Reproduce all of the data exactly as written.

........

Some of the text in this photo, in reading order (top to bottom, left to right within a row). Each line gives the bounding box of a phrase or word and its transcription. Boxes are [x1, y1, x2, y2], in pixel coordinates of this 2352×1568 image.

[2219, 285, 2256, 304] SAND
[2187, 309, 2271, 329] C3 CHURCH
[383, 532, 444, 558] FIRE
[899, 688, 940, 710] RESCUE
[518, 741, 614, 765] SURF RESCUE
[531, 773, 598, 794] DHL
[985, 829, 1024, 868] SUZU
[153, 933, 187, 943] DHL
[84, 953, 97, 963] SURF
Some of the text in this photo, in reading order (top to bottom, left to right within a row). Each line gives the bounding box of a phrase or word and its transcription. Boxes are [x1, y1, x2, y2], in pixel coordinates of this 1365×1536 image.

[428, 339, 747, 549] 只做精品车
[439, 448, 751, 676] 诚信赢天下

........

__SOLUTION FOR THIS EXERCISE__.
Some of the text in this photo, in reading order (top to bottom, left to right within a row). Each line gives the bounding box of a phrase or word and its transcription. Boxes are [x1, y1, x2, y2], in pixel coordinates of this 2352×1568 image.

[2219, 285, 2256, 304] SAND
[2187, 309, 2271, 329] C3 CHURCH
[383, 532, 444, 558] FIRE
[899, 688, 940, 710] RESCUE
[518, 741, 614, 765] SURF RESCUE
[531, 773, 598, 794] DHL
[985, 829, 1024, 868] SUZU
[153, 933, 187, 943] DHL
[84, 953, 97, 963] SURF
Some of the text in this photo, in reading order (top to bottom, left to right within a row). Each line gives the bounding box of a phrase or word and its transcription. Boxes are [x1, y1, x2, y2], in pixel coordinates of this 1365×1536 image.

[428, 339, 747, 549] 只做精品车
[439, 448, 751, 676] 诚信赢天下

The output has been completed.